--- AVAILABLE DATA Enclosed Below ---

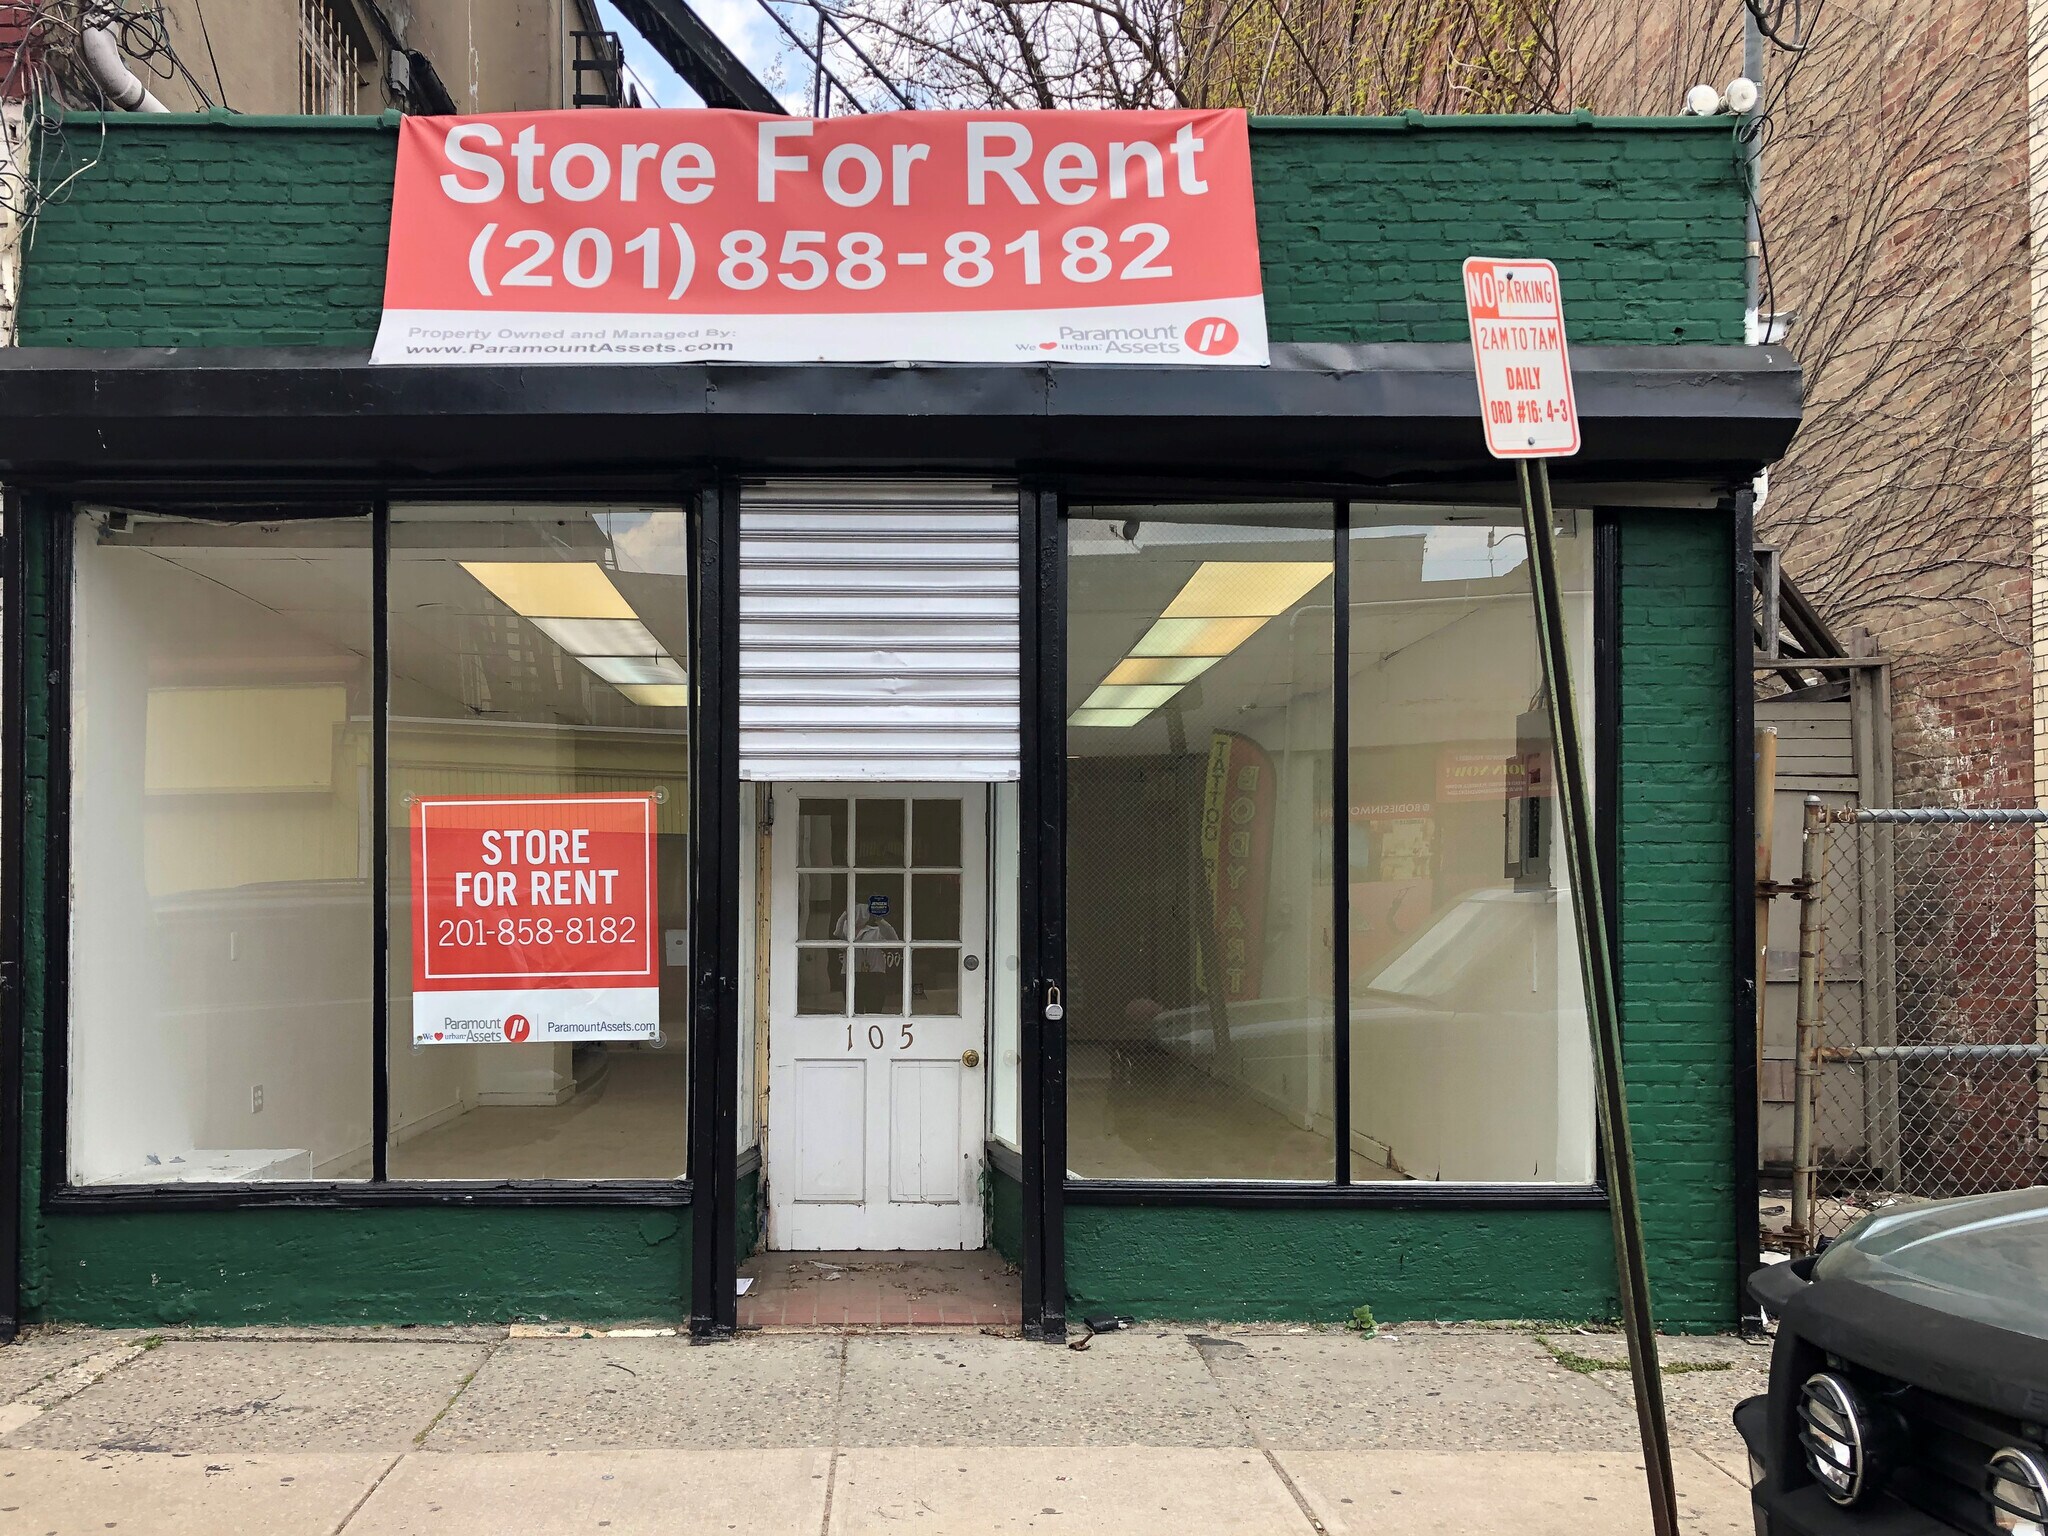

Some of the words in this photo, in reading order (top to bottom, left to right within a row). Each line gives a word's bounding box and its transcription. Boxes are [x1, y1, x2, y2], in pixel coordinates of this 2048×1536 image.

[439, 122, 716, 205] Store
[757, 121, 931, 208] For
[966, 121, 1209, 206] Rent
[468, 222, 696, 300] (201)
[717, 222, 1173, 291] 858-8182
[1468, 271, 1496, 309] NO
[1498, 280, 1553, 304] PARKING
[408, 327, 492, 341] Property
[497, 328, 565, 339] Owned
[570, 329, 606, 339] and
[612, 329, 699, 340] Managed
[705, 328, 737, 339] By:
[1058, 323, 1179, 341] Paramount
[1480, 327, 1510, 350] 2AM
[1511, 327, 1528, 350] TO
[1529, 327, 1559, 350] 7AM
[406, 343, 734, 354] www.ParamountAssets.com
[1015, 343, 1036, 351] We
[1105, 340, 1181, 354] Assets
[1505, 367, 1541, 390] DAILY
[1490, 400, 1513, 424] ORD
[1517, 400, 1543, 424] #16:
[1547, 399, 1568, 422] 4-3
[481, 829, 590, 866] STORE
[455, 871, 518, 907] FOR
[530, 869, 619, 906] RENT
[438, 916, 636, 947] 201-858-8182
[444, 1017, 501, 1030] Paramount
[547, 1021, 656, 1033] ParamountAssets.com
[465, 1029, 501, 1042] Assets
[847, 1023, 914, 1051] 105
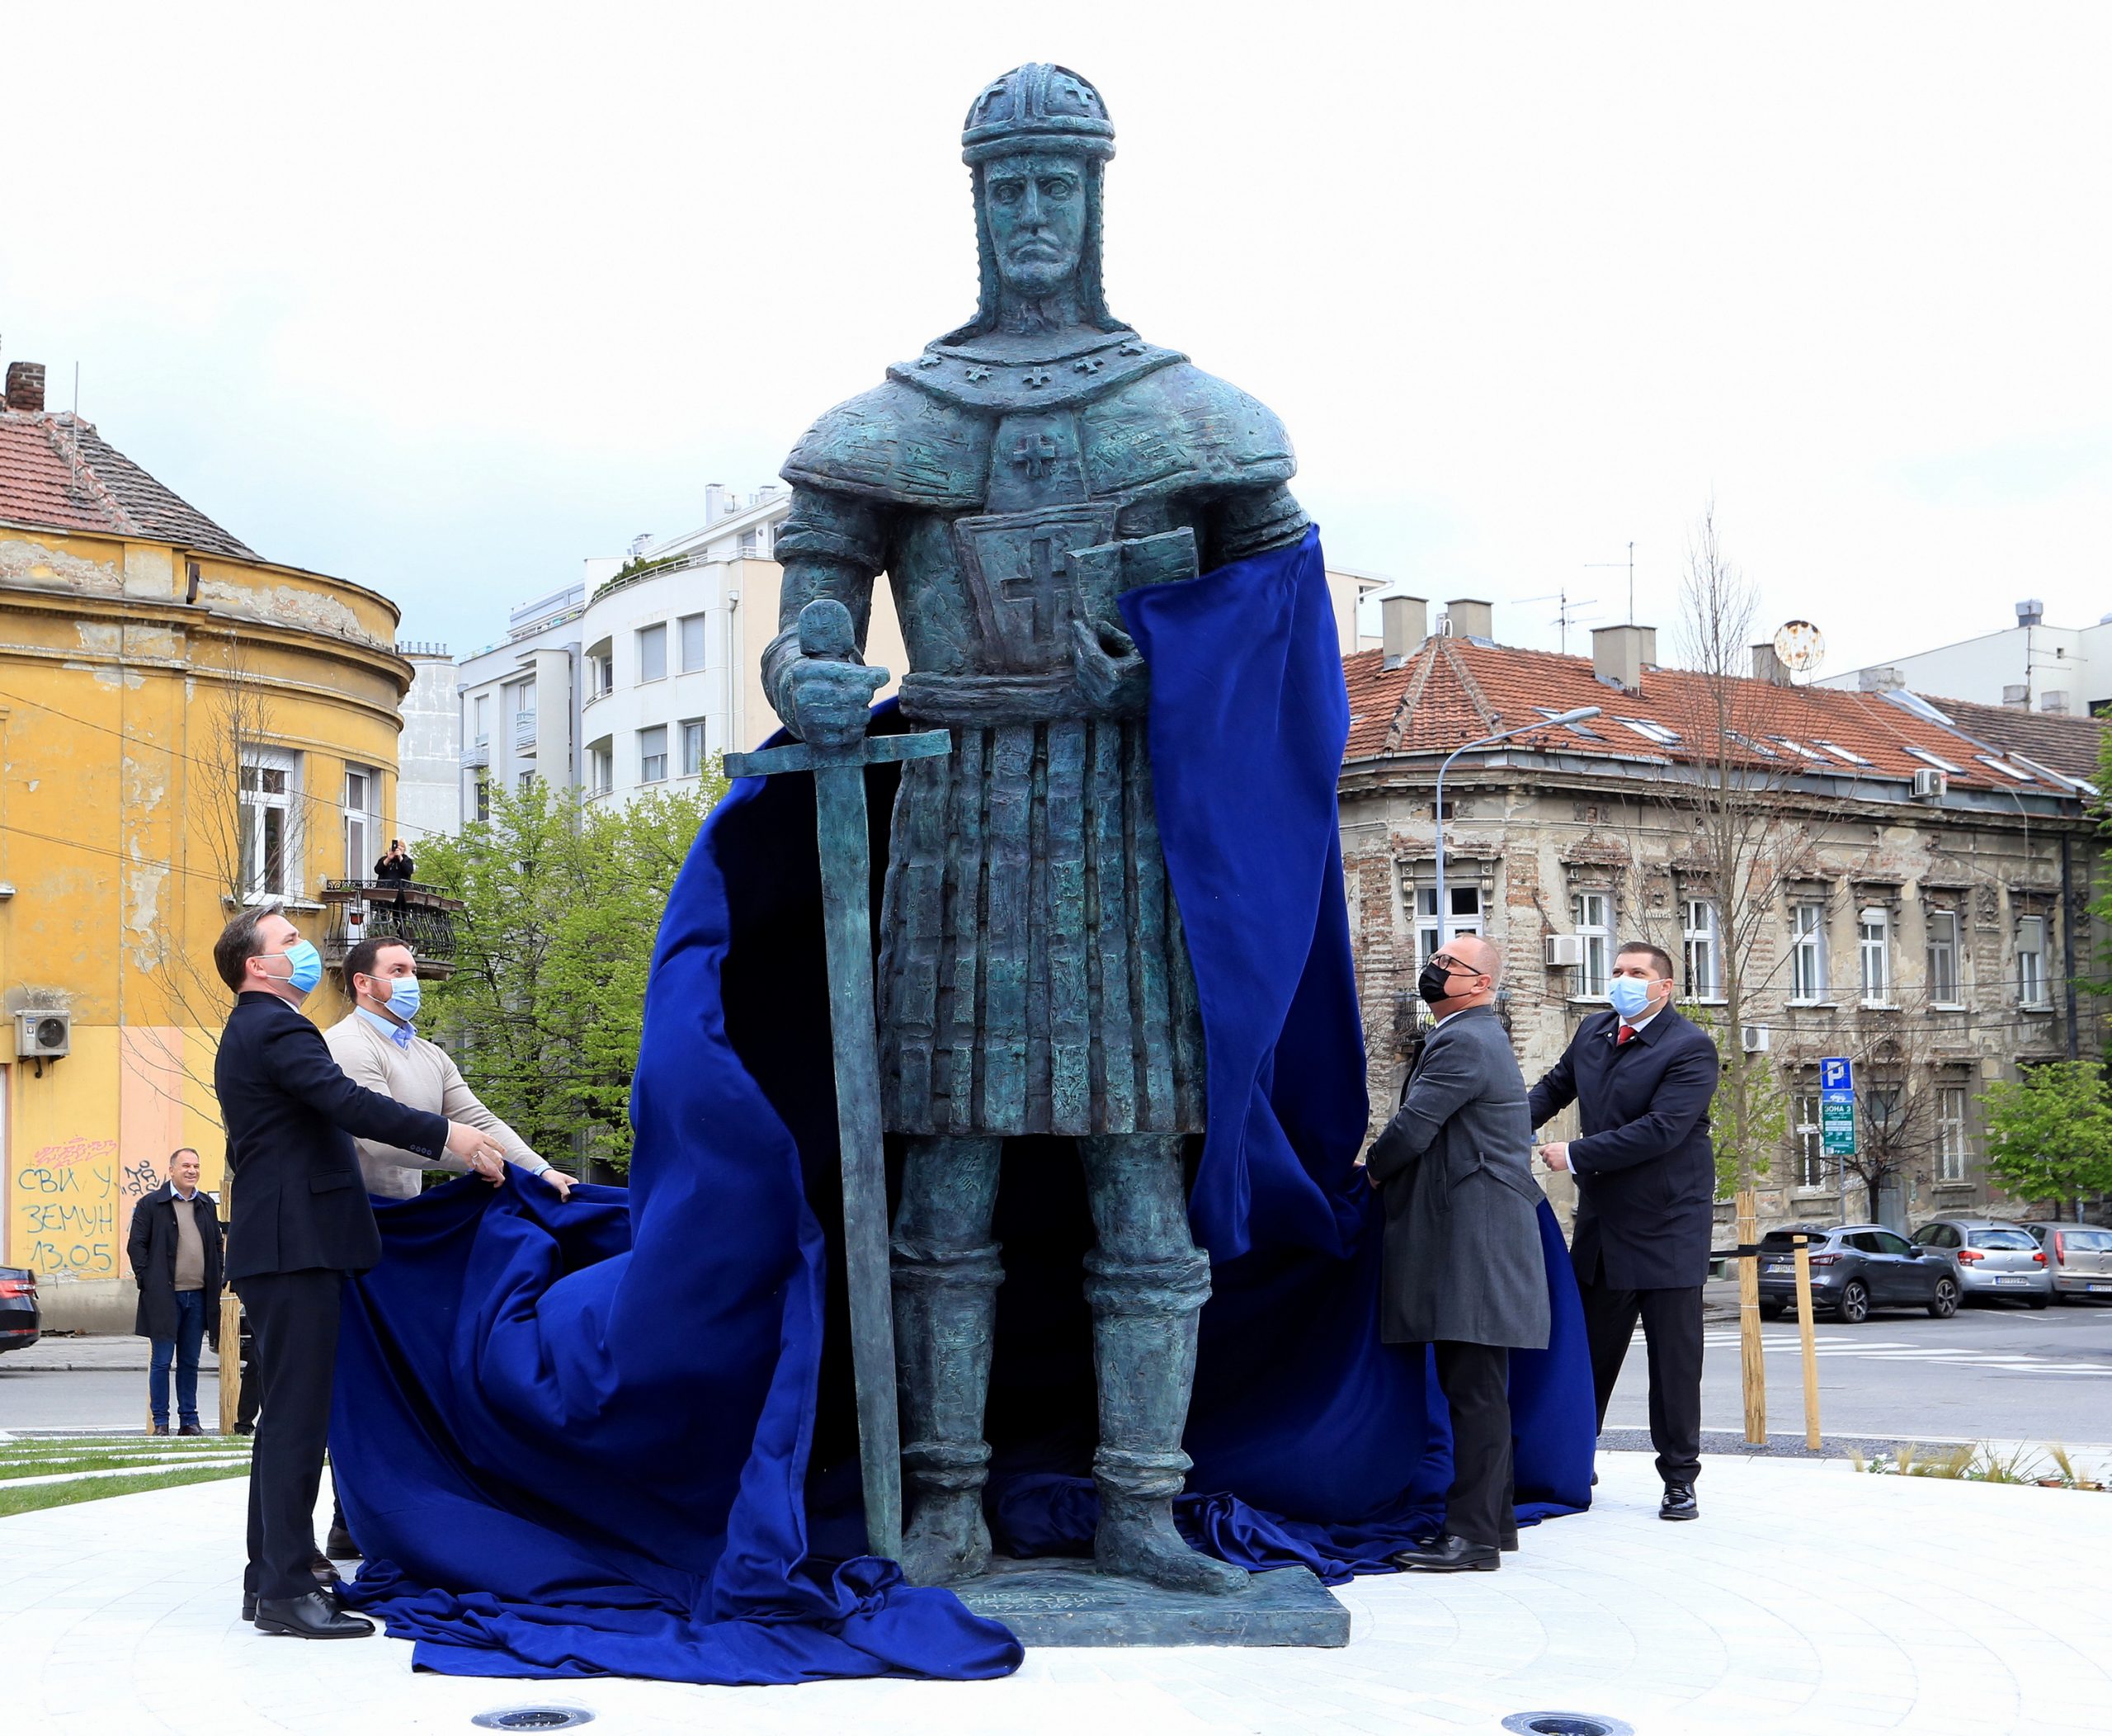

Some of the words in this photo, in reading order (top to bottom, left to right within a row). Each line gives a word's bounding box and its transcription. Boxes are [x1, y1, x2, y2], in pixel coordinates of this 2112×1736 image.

[1827, 1061, 1845, 1086] P
[18, 1168, 79, 1193] СВИ
[93, 1166, 111, 1198] У
[22, 1203, 113, 1238] ЗЕМУН
[30, 1240, 112, 1271] 13.05
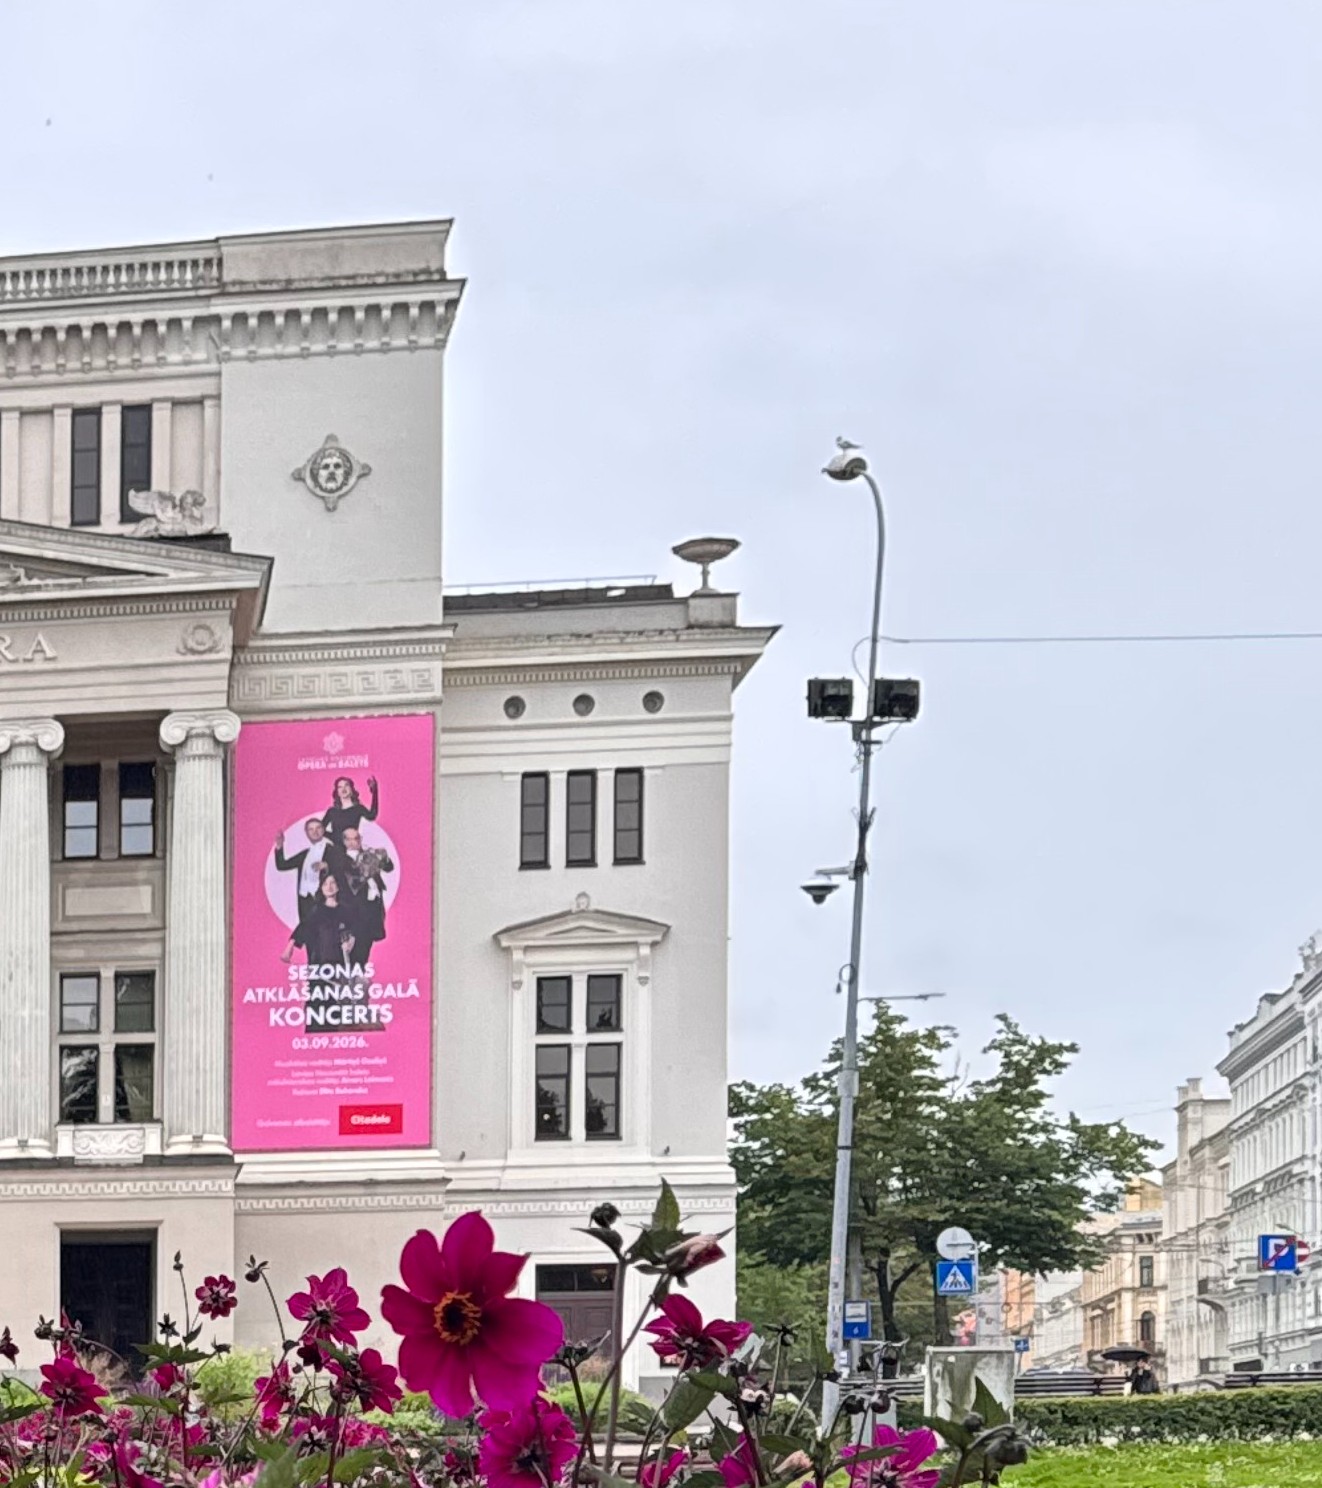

--- End of Enclosed AVAILABLE DATA ---

▶ [YOUR GOAL]:
Your answer must restate the entries word for word and contain no pictures.

▶ [TASK OUTPUT]:
Some of the words in this photo, in reading order (top to bottom, left to right within a row). Each line gives a word's bounding box and its transcription. Boxes are [x1, y1, x2, y2], in pixel coordinates of this 2048×1536 image.

[439, 122, 716, 205] Store
[757, 121, 931, 208] For
[966, 121, 1209, 206] Rent
[468, 222, 696, 300] (201)
[717, 222, 1173, 291] 858-8182
[1468, 271, 1496, 309] NO
[1498, 280, 1553, 304] PARKING
[408, 327, 492, 341] Property
[497, 328, 565, 339] Owned
[570, 329, 606, 339] and
[612, 329, 699, 340] Managed
[705, 328, 737, 339] By:
[1058, 323, 1179, 341] Paramount
[1480, 327, 1510, 350] 2AM
[1511, 327, 1528, 350] TO
[1529, 327, 1559, 350] 7AM
[406, 343, 734, 354] www.ParamountAssets.com
[1015, 343, 1036, 351] We
[1105, 340, 1181, 354] Assets
[1505, 367, 1541, 390] DAILY
[1490, 400, 1513, 424] ORD
[1517, 400, 1543, 424] #16:
[1547, 399, 1568, 422] 4-3
[481, 829, 590, 866] STORE
[455, 871, 518, 907] FOR
[530, 869, 619, 906] RENT
[438, 916, 636, 947] 201-858-8182
[444, 1017, 501, 1030] Paramount
[547, 1021, 656, 1033] ParamountAssets.com
[465, 1029, 501, 1042] Assets
[847, 1023, 914, 1051] 105

Some of the words in this photo, in reading order (top to bottom, left to right within a row). Each line gives a word's bounding box and its transcription. Boxes are [x1, y1, x2, y2], in pixel coordinates of this 2112×1736 image.

[1827, 1061, 1845, 1086] P
[18, 1168, 79, 1193] СВИ
[93, 1166, 111, 1198] У
[22, 1203, 113, 1238] ЗЕМУН
[30, 1240, 112, 1271] 13.05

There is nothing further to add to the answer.